→ WHAT YOU WILL DO: The answer is the full listing below, copied exactly, with its pictures omitted.

*** RECORDS FOR PROCESSING Section Begins ***

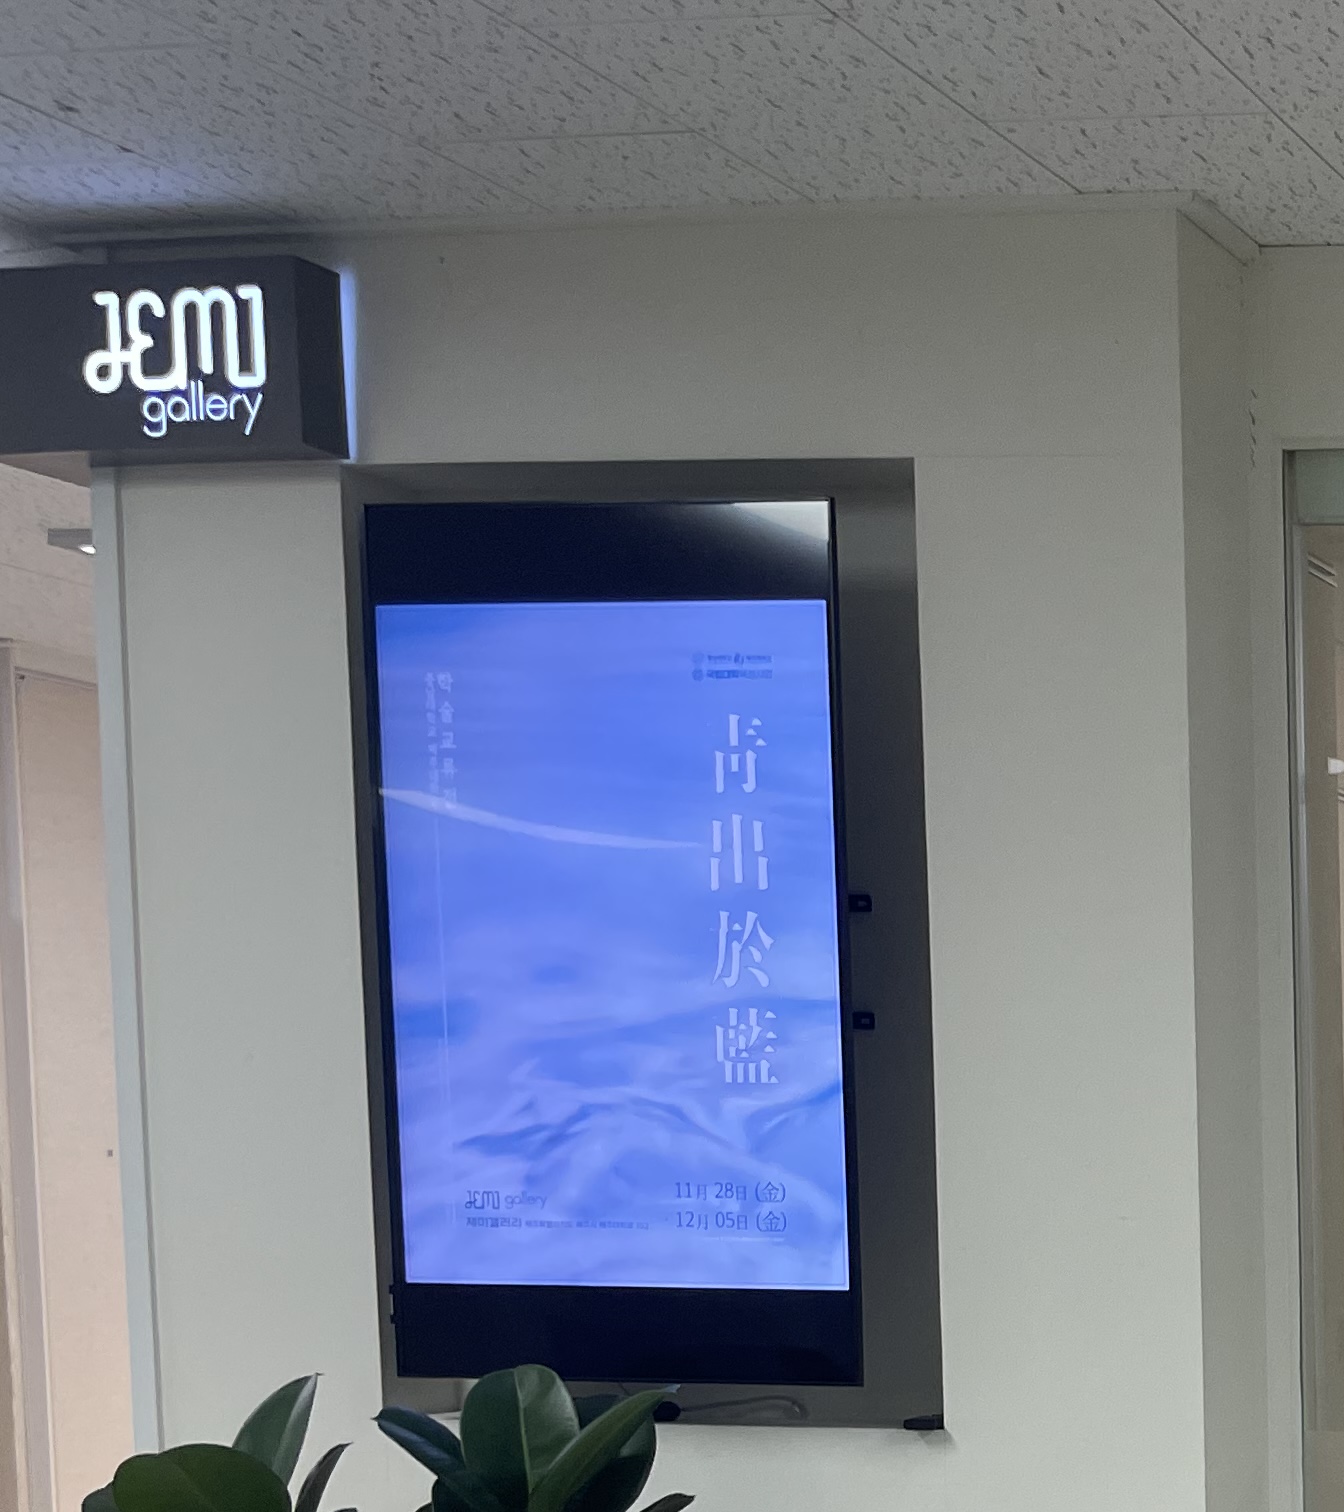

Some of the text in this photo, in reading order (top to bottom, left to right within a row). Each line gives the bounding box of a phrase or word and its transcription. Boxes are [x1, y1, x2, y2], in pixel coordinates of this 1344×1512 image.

[83, 283, 267, 394] JEMI
[142, 379, 264, 439] gallery
[504, 1191, 548, 1210] gallery
[675, 1181, 786, 1203] 11月 28日 (金)
[676, 1211, 787, 1232] 12月 05日 (金)
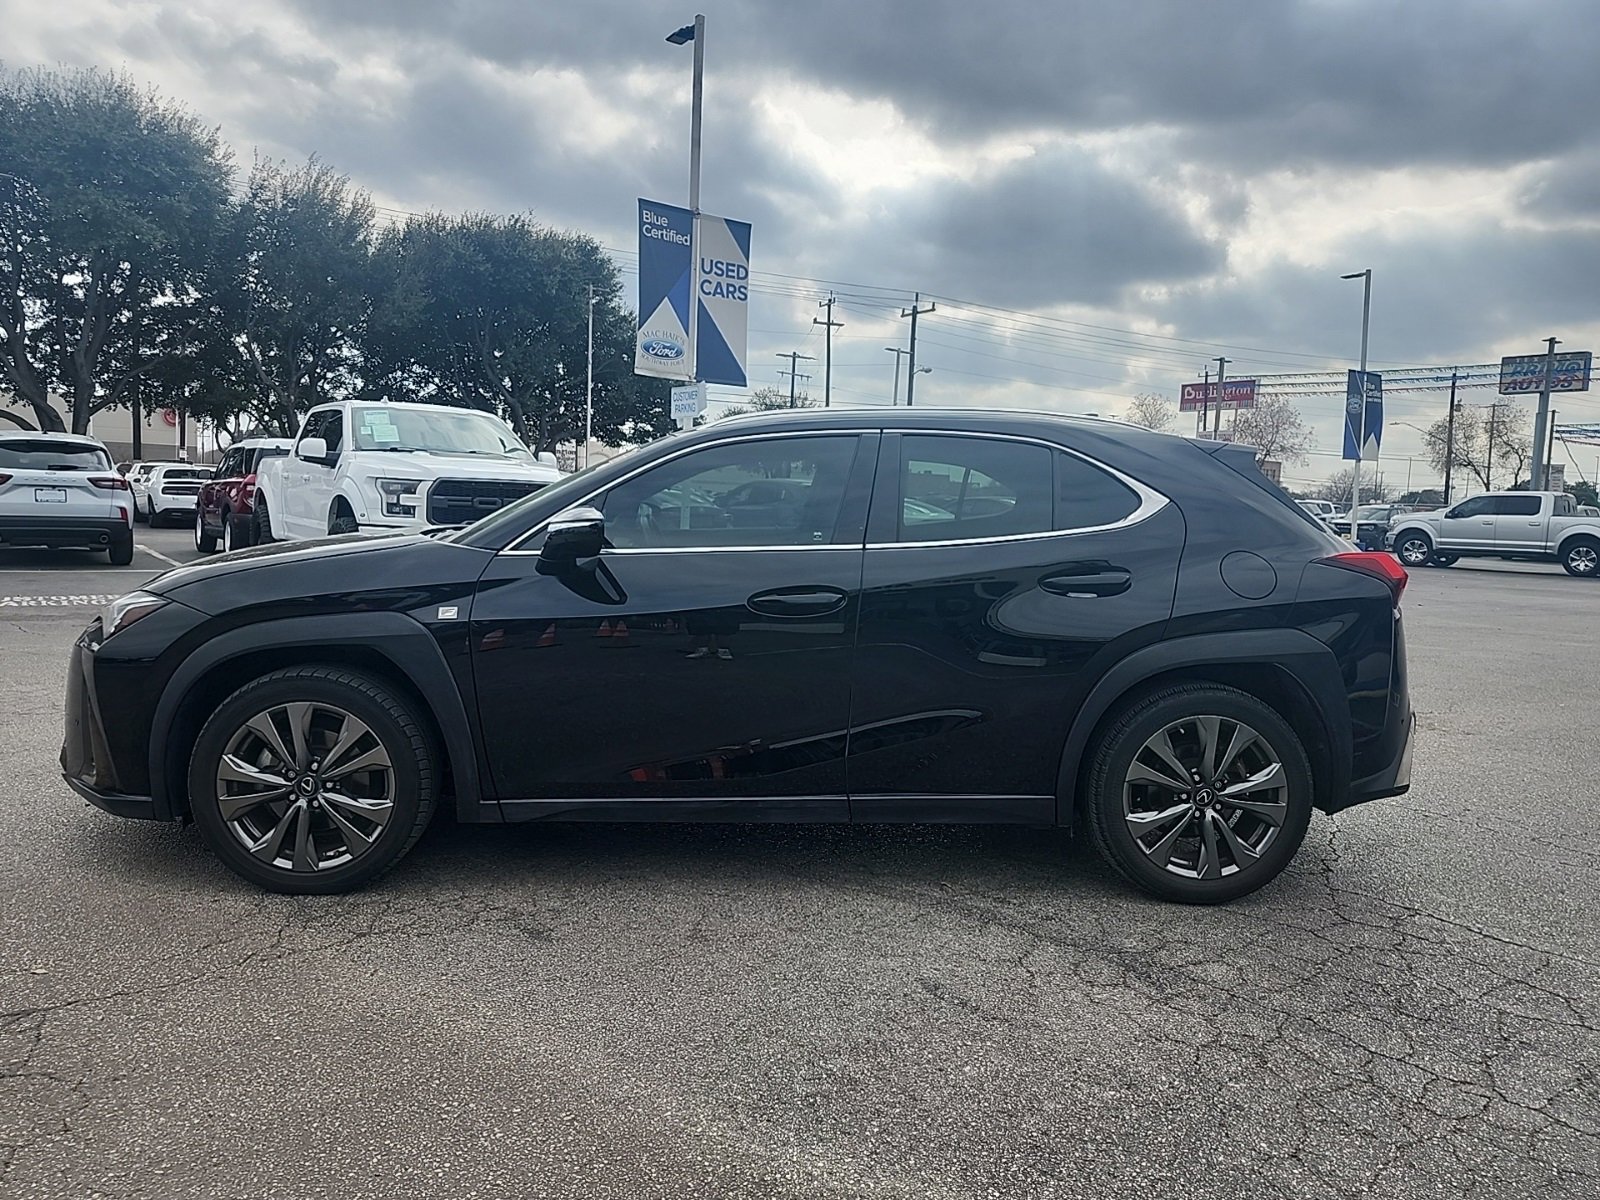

*** RECORDS FOR PROCESSING Section Ends ***

→ ANSWER TO THIS PROBLEM:
Some of the text in this photo, in reading order (top to bottom, left to right within a row). Each line gives the bounding box of a phrase or word and its transcription. Boxes are [x1, y1, x2, y2], in pixel coordinates of this 1344×1512 image.

[83, 283, 267, 394] JEMI
[142, 379, 264, 439] gallery
[504, 1191, 548, 1210] gallery
[675, 1181, 786, 1203] 11月 28日 (金)
[676, 1211, 787, 1232] 12月 05日 (金)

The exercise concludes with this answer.